As the Danish philosopher and theologian Søren Kierkegaard expressed, it comes down to a leap of faith. Are you willing to believe something that you yet cannot see?
Could be different for many people. For me, it allows me to live in a universe that is a beautiful creation and to feel a great deal of gratitude towards God for creating it. It fills my heart with peace and love that I can spread to others.
I meant in the sense of, why would I believe something for no reason at all? I'm not terribly interested in the advantages and rewards I gain by thinking a thing, other than the basic stuff that naturally comes with seeking and discovering truth.
But, since you bring it up, I'm pretty sure I'm getting basically most of what you mention already, in one form or another, and probably some other stuff that believing in God would diminish. No thanks.
If you have a belief about how reality works, normally you would expect that belief to pay some dividend in terms of what you can expect to happen in this situation, or that. Otherwise you're just believing a thing for no reason at all. So you can call this anticipation of a certain result "evidence", and to have it not materialize is, in fact, a solid reason to suspect the truth of what you believe.
It is a greater good to have the freedom to do evil than to be constrained to where it is impossible. Would you prefer an all-powerful, super-totalitarian government that made it impossible for anyone to commit a crime, or would you prefer the freedom that also allows the possibility of crime?

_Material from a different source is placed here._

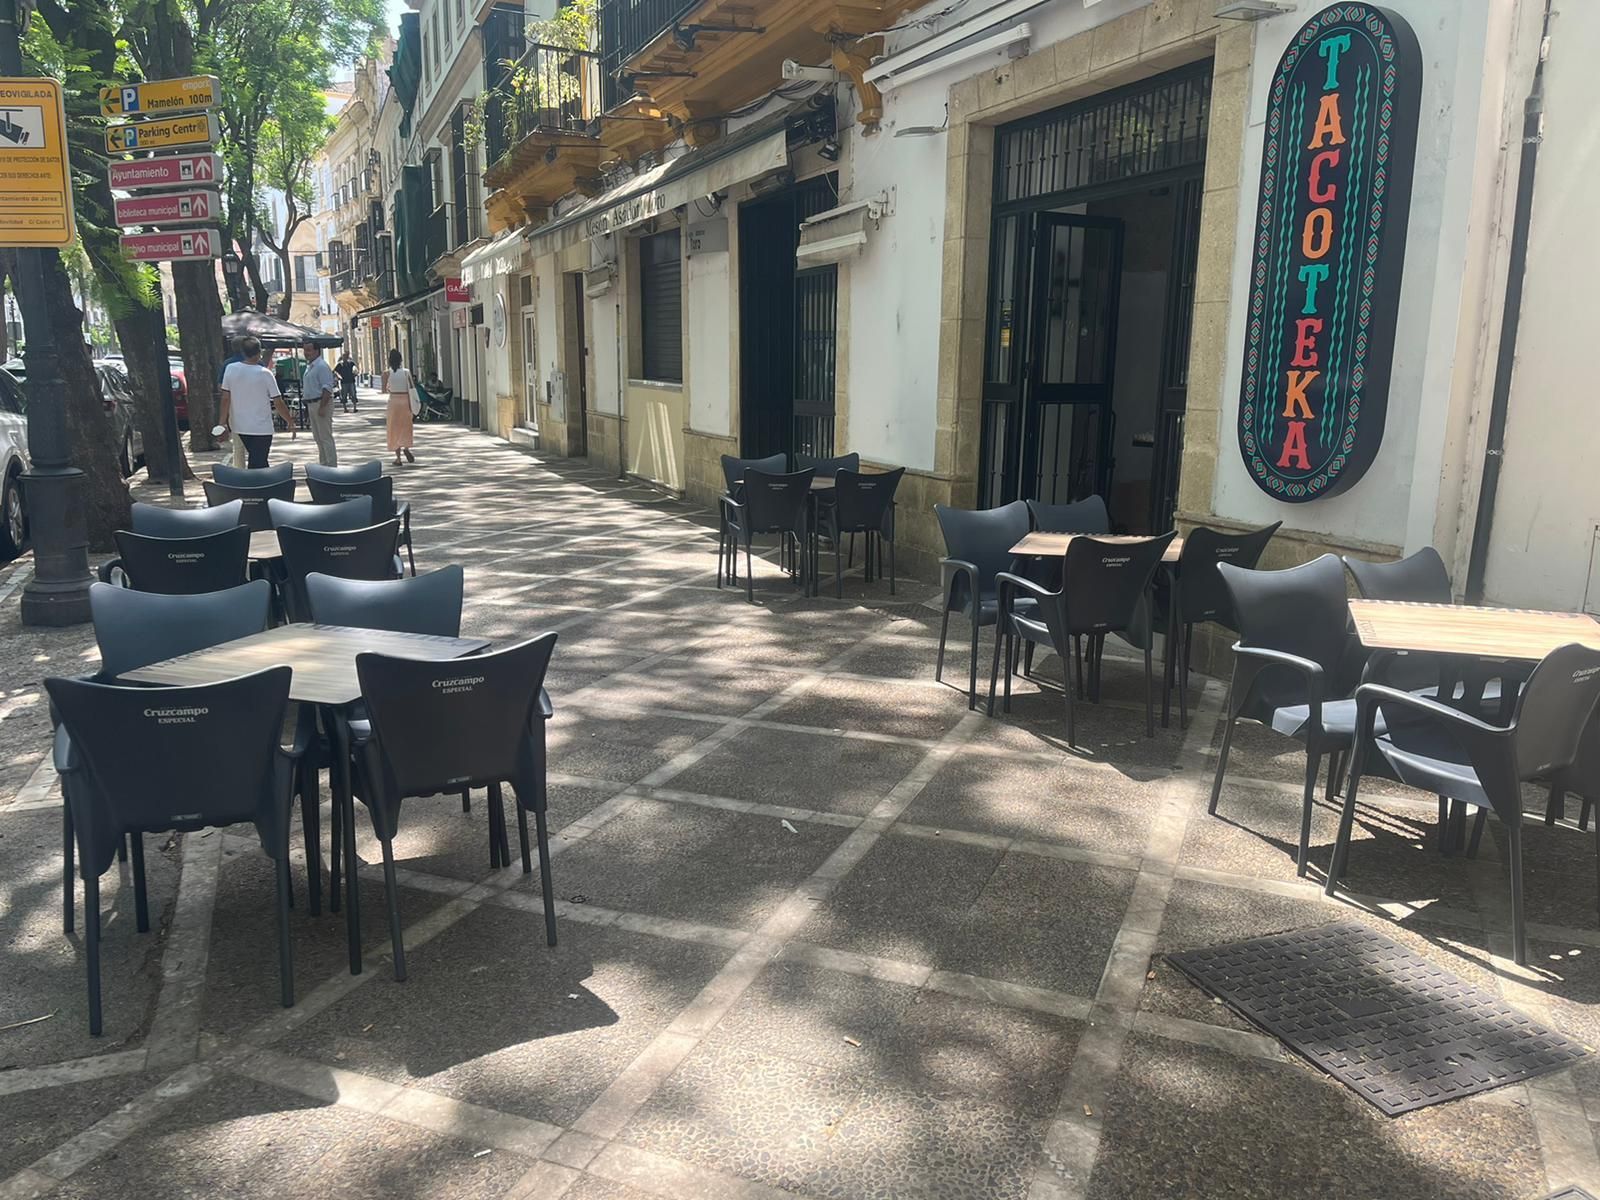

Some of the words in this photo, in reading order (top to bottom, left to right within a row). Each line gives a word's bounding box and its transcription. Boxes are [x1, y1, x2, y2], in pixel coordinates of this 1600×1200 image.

This doesn't really address the problem. If god is omnipotent and created the universe, he could have made things so that evil is simply physically impossible, with no contradiction of free will, in the same way that I am physically unable to flap my arms and fly to the moon, and yet I still have free will. The fact that he didn't means he's either not omnipotent or not omnibenevolent (a contradiction for those who ascribe both properties to god). The onus would have to be on the theist to show how "no-evil" somehow logically contradicts free will; and it must be a truly logical contradiction if it is to be any constraint on omnipotence.